I don’t know if team Romney should be panicking just yet. Convention bounces have been known to fade; it’s not every week that Barack Obama is going to get Bill Clinton to give a barn-burner of a speech on his behalf that outdraws the NFL game on the other channel. In my view it’s not so much that the fundamental nature of the race has shifted as that it has solidified: Obama spent months being mostly just a little ahead, and now he’s a little more ahead than that. Lots of people have been writing in the last couple days about the larger Obama lead. But no one has yet turned attention to the consequences of that change: that Romney and Paul Ryan are likely to run the dirtiest campaign we’ve seen in a long, long time.
Go back in time a few months. The Romney theory, bruited by his aides and accepted by much of the media, was that all he had to do was talk about the economy and he’d win. There was no way an incumbent president sitting on these kinds of economic figures could possibly be reelected. Unemployed, underemployed, not even looking anymore, wrong direction … no question that they are all bleak figures. All Romney had to do was keep talking about them, and as they say in the East End, Robert’s your father’s brother.
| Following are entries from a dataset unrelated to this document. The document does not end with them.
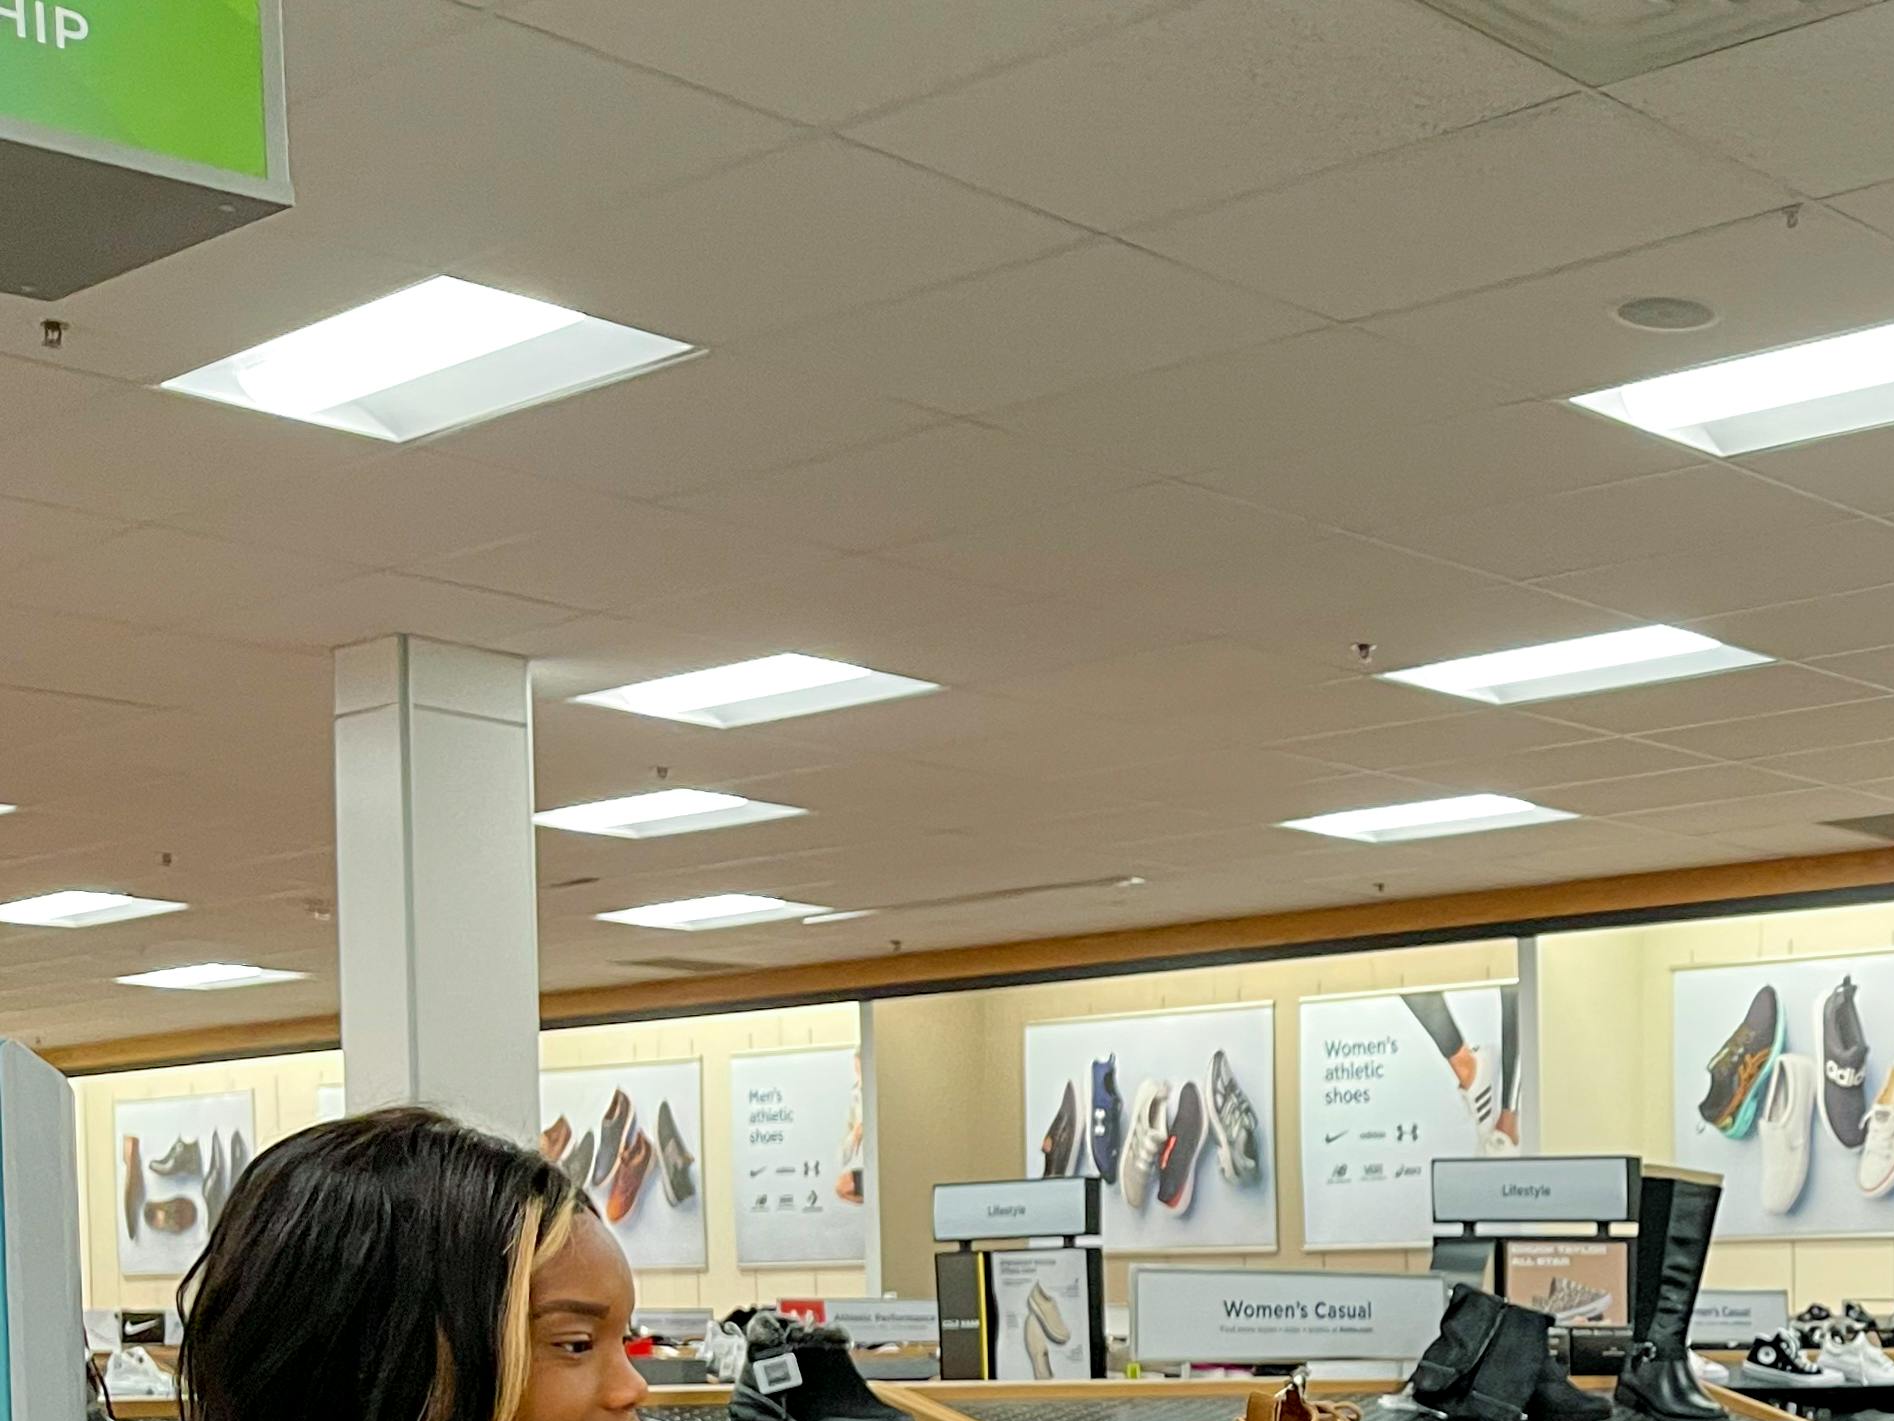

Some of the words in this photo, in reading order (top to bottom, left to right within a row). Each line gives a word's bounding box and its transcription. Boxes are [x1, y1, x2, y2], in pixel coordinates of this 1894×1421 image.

[1325, 1037, 1399, 1058] Women's
[1325, 1060, 1385, 1082] athletic
[749, 1088, 783, 1104] Men's
[1325, 1087, 1371, 1105] shoes
[750, 1108, 794, 1124] athletic
[750, 1129, 784, 1144] shoes
[1502, 1184, 1551, 1199] Lifestyle
[987, 1205, 1026, 1218] Lifestyle
[1223, 1300, 1309, 1319] Women's
[1314, 1301, 1373, 1319] Casual
This job was supposed to get even easier when Romney tapped Paul Ryan for veep. Ryan was the man with the plan, the Republican Brain, the guy who actually knew budgets and fiscal policy, the Republican who could slice right through all the Democratic pettifoggery and actually beat the Democrats at their own game of talking all those numbers. Ryan’s presence on the ticket made the economic choice that much more stark, the argument went, and he’d win over the serious-minded moderates.
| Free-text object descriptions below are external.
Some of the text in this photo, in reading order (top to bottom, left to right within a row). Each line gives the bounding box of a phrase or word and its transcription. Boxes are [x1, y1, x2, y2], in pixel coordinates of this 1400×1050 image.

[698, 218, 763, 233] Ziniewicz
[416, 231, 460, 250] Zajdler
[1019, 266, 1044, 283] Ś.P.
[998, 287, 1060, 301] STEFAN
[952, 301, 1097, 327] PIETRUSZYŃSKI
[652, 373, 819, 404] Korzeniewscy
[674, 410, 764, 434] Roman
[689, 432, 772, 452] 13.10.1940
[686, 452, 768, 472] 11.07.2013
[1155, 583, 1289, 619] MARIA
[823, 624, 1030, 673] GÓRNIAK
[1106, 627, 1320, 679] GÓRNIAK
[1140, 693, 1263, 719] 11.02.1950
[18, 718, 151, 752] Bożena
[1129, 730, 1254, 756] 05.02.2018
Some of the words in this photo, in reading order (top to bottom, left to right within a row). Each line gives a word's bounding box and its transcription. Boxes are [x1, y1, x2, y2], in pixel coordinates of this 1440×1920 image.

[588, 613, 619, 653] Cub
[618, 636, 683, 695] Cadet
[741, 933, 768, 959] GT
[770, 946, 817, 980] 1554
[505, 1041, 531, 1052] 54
Well. It’s exactly one month after Ryan’s selection was announced, and his reputation has gone nowhere but down. He’s a liar and his famous “numbers” actually make no sense at all because they’re intentionally misleading. So now he looks less like a serious budget person than a drunken back-bencher who has to be elbowed awake to cast a vote.
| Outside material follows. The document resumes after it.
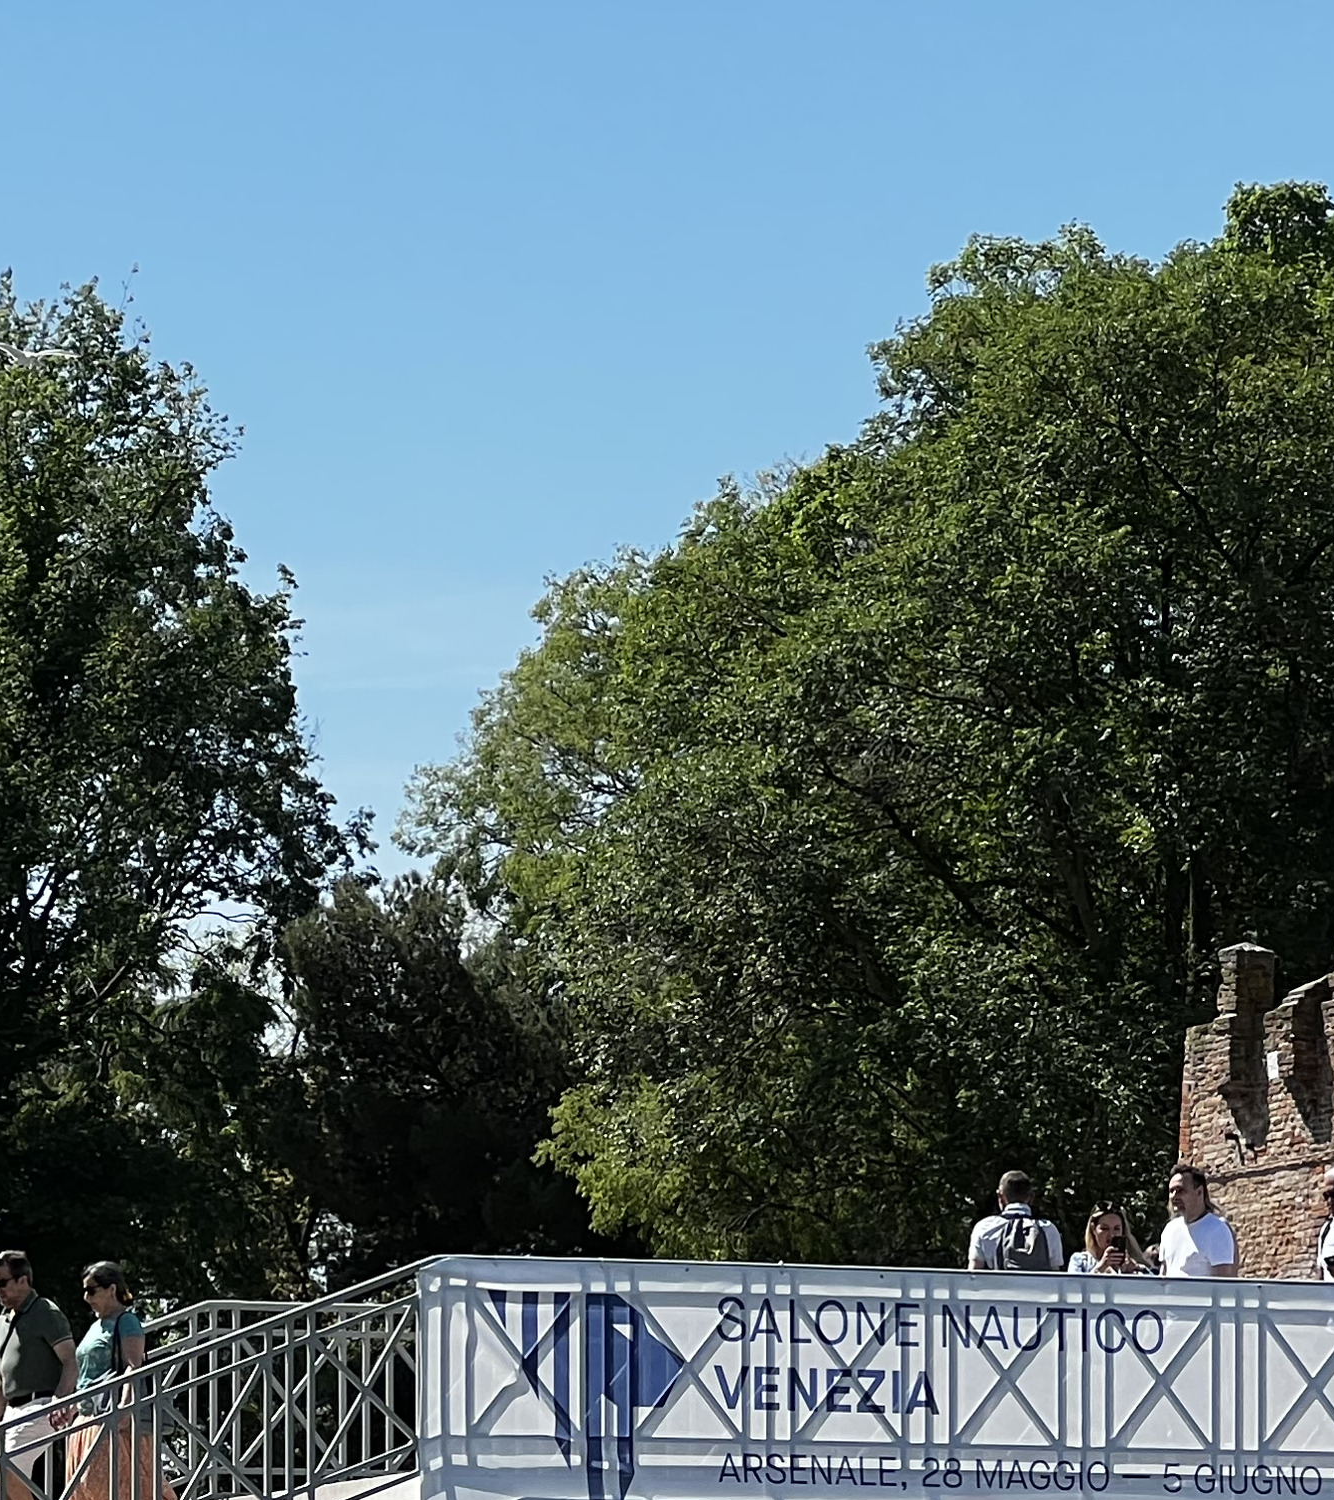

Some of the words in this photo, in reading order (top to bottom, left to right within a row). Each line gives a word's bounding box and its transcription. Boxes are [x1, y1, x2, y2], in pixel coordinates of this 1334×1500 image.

Then there are the past few days. We got a crappy jobs report Friday morning. Romney trotted out and said the kinds of things he was supposed to say. And lo and behold—it hasn’t hurt Obama a whit. In the days since the report—days, I should note, when media coverage has made it abundantly clear that the jobless rate fell only because more people quit looking for work—Obama has gained ground.
So two facts are now clear. One, Romney is on the ropes. The memo from his pollster makes a few plausible points about why it’s too early to head for the exits. But Romney has some serious problems in some key states, notably Ohio. If he can’t win there, he basically has to win all of the following swing states to hit 273 electoral votes: Florida, Virginia, North Carolina, Colorado, Iowa, Nevada, and New Hampshire.
And the second fact that’s clear is that the economic argument is not working. Turns out that it’s not enough just to repeat the dour news when you keep dodging questions about your own plan. And taken together, these two facts mean: Romney isn’t going to desert the economic argument, of course, but he is going to try to win this thing in other ways.
He’s going to campaign with Pat Robertson. He’s going to work “Obama-Is-Anti-God” motifs into his stump speech, as he did yesterday. He’s going to keep running with the lies about welfare.
In other words, he has to run a kulturkampf campaign, at least to some extent. There is no way he’ll get the base sufficiently fired up otherwise. And if he feels over the next few weeks that he’s not getting through to undecideds on the economic issues, his campaign is going to conclude that they have to go all in on culture. But they can’t do abortion—this isn’t a GOP primary, for God’s sake. And they can’t do immigration. And now, apparently, they can’t even do gays, because marriage equality looks to be pretty popular.
If they can’t demonize slatternly women or Latinos or gay people, that pretty much leaves one group—a group the president happens to embody and represent pretty well. Romney hasn’t been shy about using race—see the dishonest welfare ads, or the mention of “Obamacare” before the NAACP, which, as I wrote at the time, was clearly designed so he’d be booed by the NAACP crowd, which would please certain other news consumers. (This was before Obama decided to “own” the word.)
As I’ve said many times, the ongoing debate about whether Romney is really conservative or really moderate has wasted lots of airtime and killed many innocent trees. He’s neither. He’s nothing. He’ll say or do whatever he needs to do, whatever the Koch brothers or whoever tell him to do. He’s been dreaming of the presidency since 1968, and as he sees it slipping through his fingers, he’ll be capable of anything. It’s going to be a nasty seven weeks.